Our next chart shows the relationship between gold’s open interest on Comex and the gold price.
Normally, one would expect a rising gold price to be accompanied by rising open interest, and until recently the correlation has held. This is because a rising price is driven by buyers for whom new contracts are created, and a falling price by selling, in other words existing contracts are extinguished. But note how from early-June this relationship reversed, after the gold price had already declined from $1350 to challenge the $1300 level which at the time had been seen as a major support level.

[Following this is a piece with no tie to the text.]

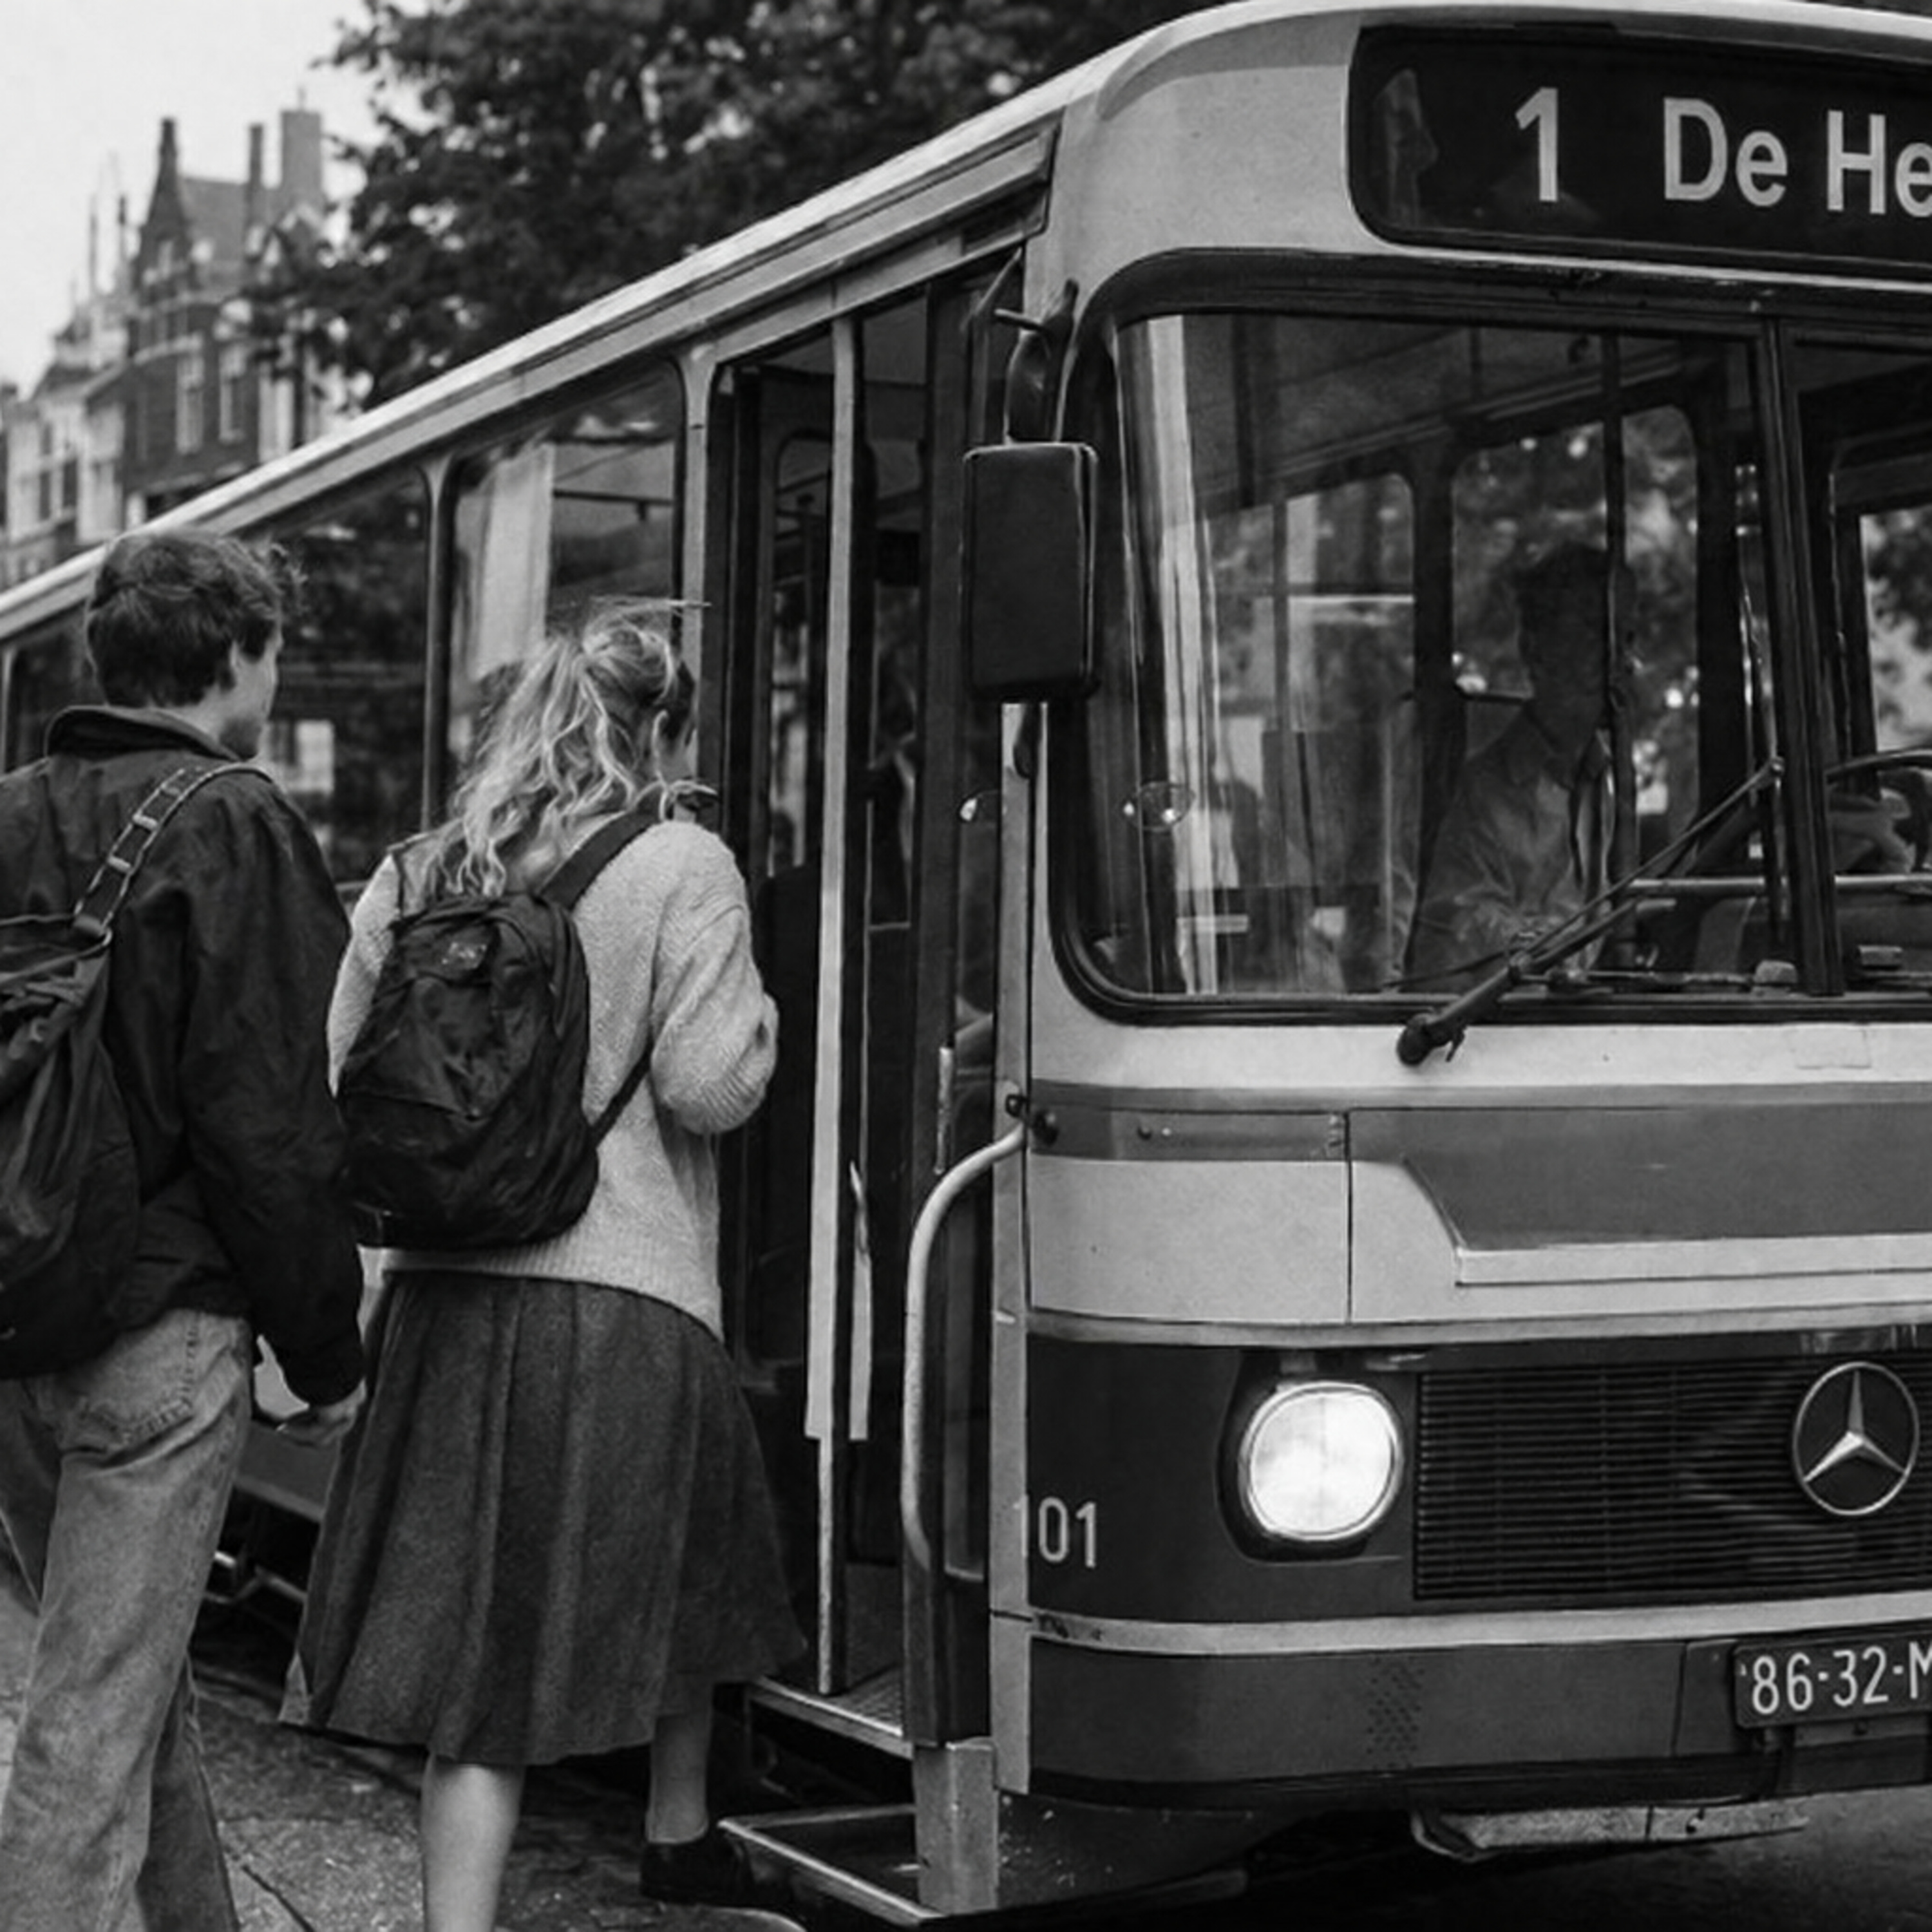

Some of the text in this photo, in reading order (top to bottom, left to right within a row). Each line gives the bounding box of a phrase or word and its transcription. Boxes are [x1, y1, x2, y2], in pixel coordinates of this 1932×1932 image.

[1515, 88, 1932, 218] 1 De He
[1021, 1493, 1096, 1568] 01
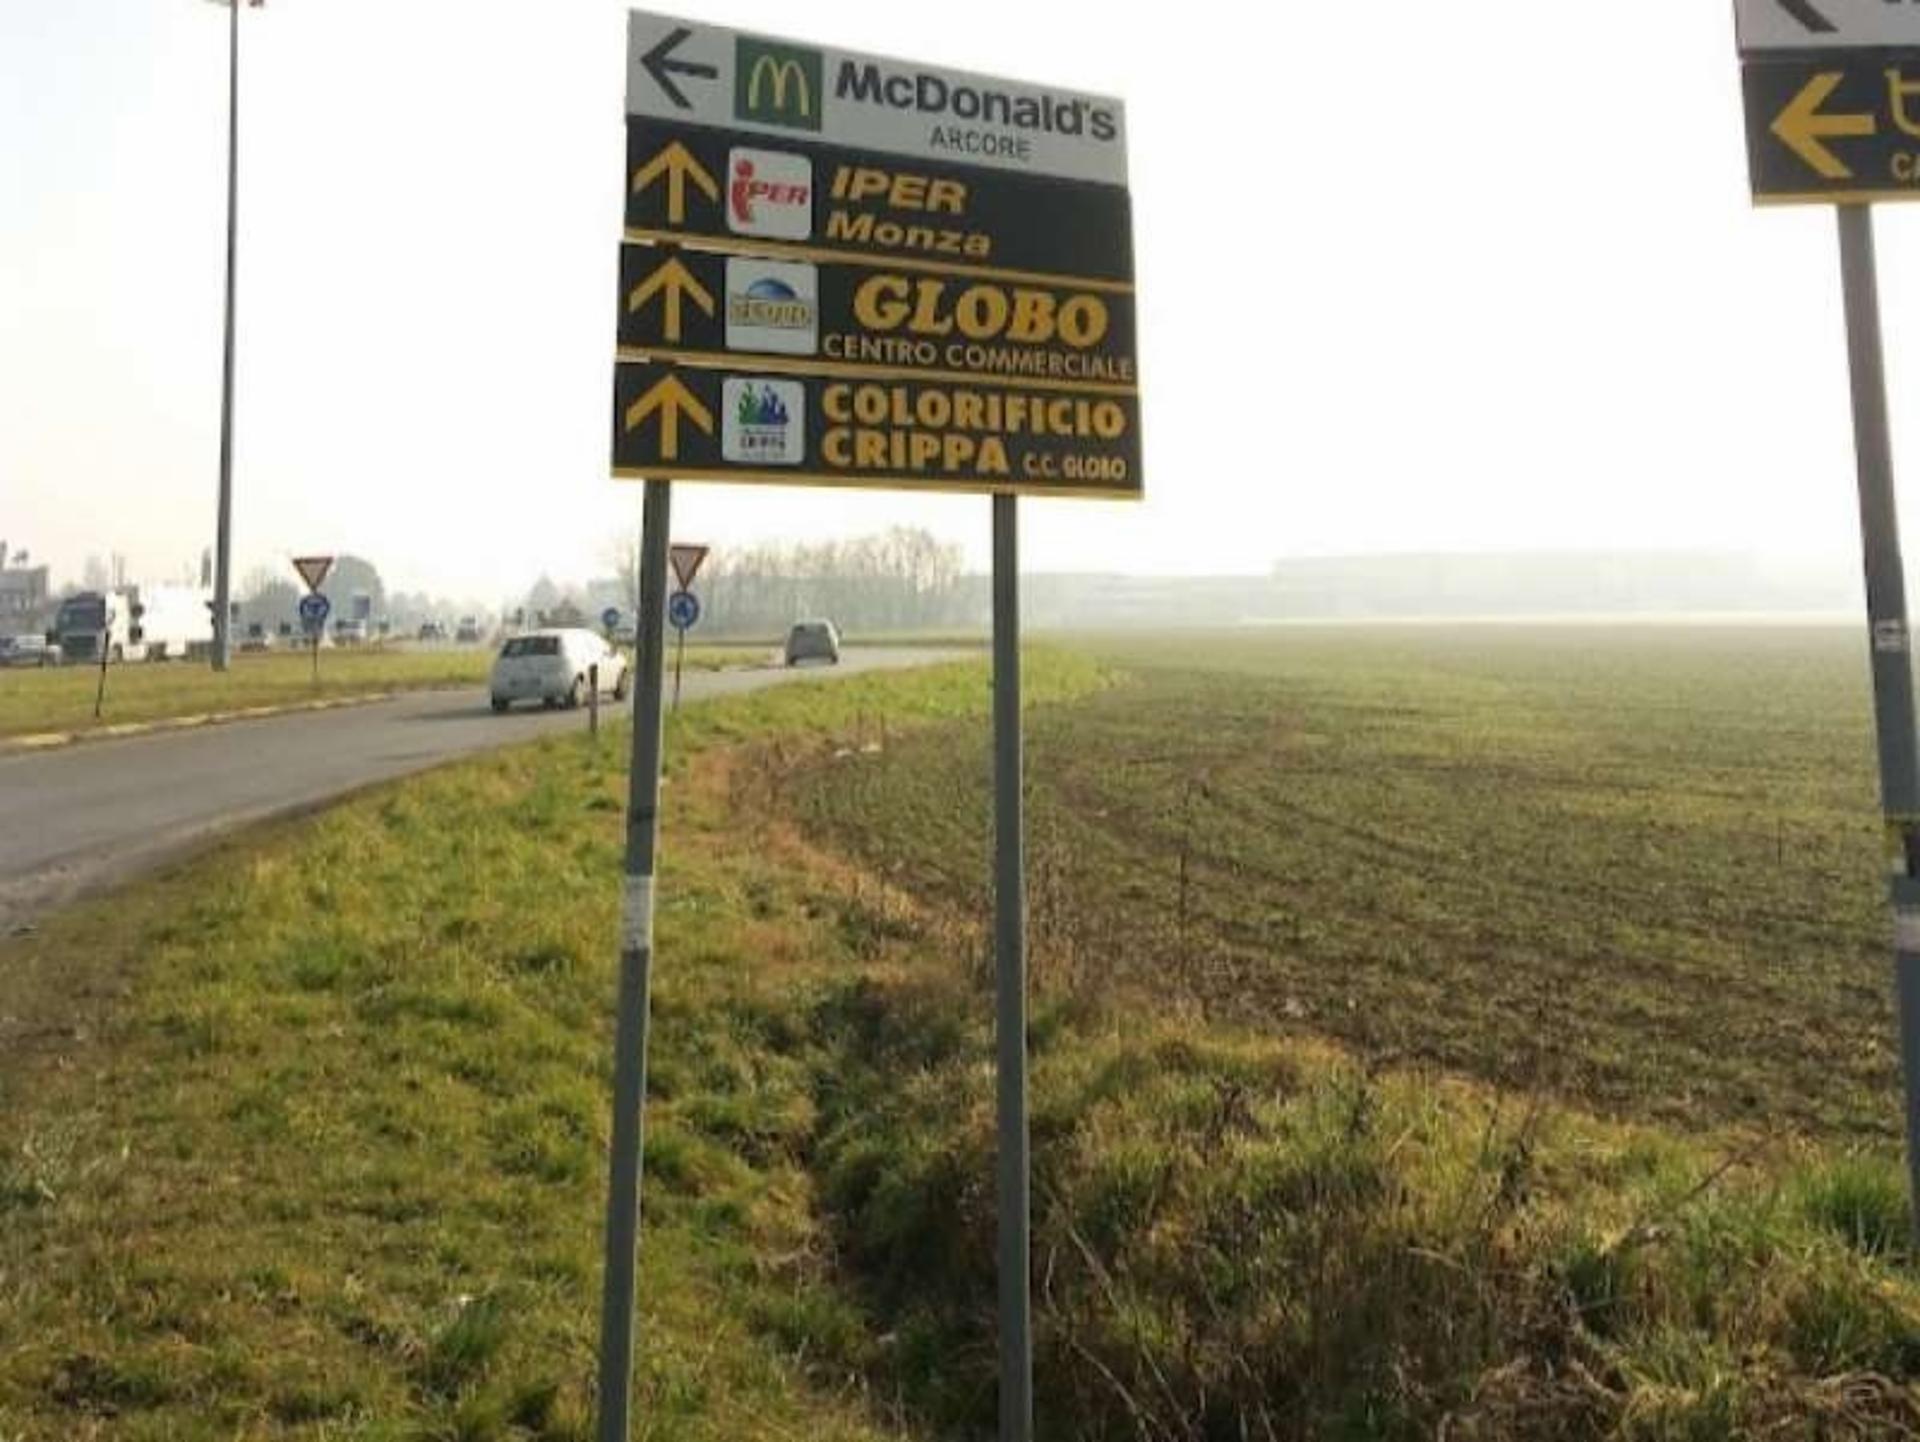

When that $1300 level broke, open interest expanded by some 85,000 contracts by 18th July, since when open interest has declined somewhat, but that is only due to the August contract running off the board. In other words, the speculators, i.e. hedge funds in the managed money category, have been creating new short contracts after a significant fall in the price has already occurred.
This behaviour is symptomatic of a selling climax. Copper, which is seen as a yardstick for global industrial production, has also fallen roughly 13% since 11th June, while the dollar’s trade weighted index has moved sideways. The logic of the bears is therefore not so much based on a strong dollar but concerns that the global economy may be stalling. This is particularly notable in market commentary about China, and the assumption that Trump’s trade policies are causing damage to her economy. The weakness of the yuan/dollar rate is taken as confirmation.
Western commentators consistently misread the Chinese situation, fixated on the American style of market management by intervention, and unable to read the signals emanating from China’s different mercantilist approach. In China, the state decides, and people are moved. In America, people move, and the state reacts.
It is relevant because much of what is happening in China is pre-planned, giving the Chinese government a high degree of control over events. China has been deliberately reforming its shadow banking system to squeeze speculation out of her economy. She is simply redirecting her capital resources in accordance with her thirteenth five-year plan, in preparation for an expansion of infrastructure spending.
A lower yuan exchange rate allows her to sell down her US Treasury holdings, and at the same time apply pressure on the Fed to ease on its policy of monetary tightening. When those twin objectives are achieved to her satisfaction, China will want to see a higher-trending exchange rate to reduce the relative cost of the raw materials she needs to import for her five-year plan.
Coming back to precious metals, we can see why peak bearishness has arisen, and why this sell-off could mark the start of a more bullish phase.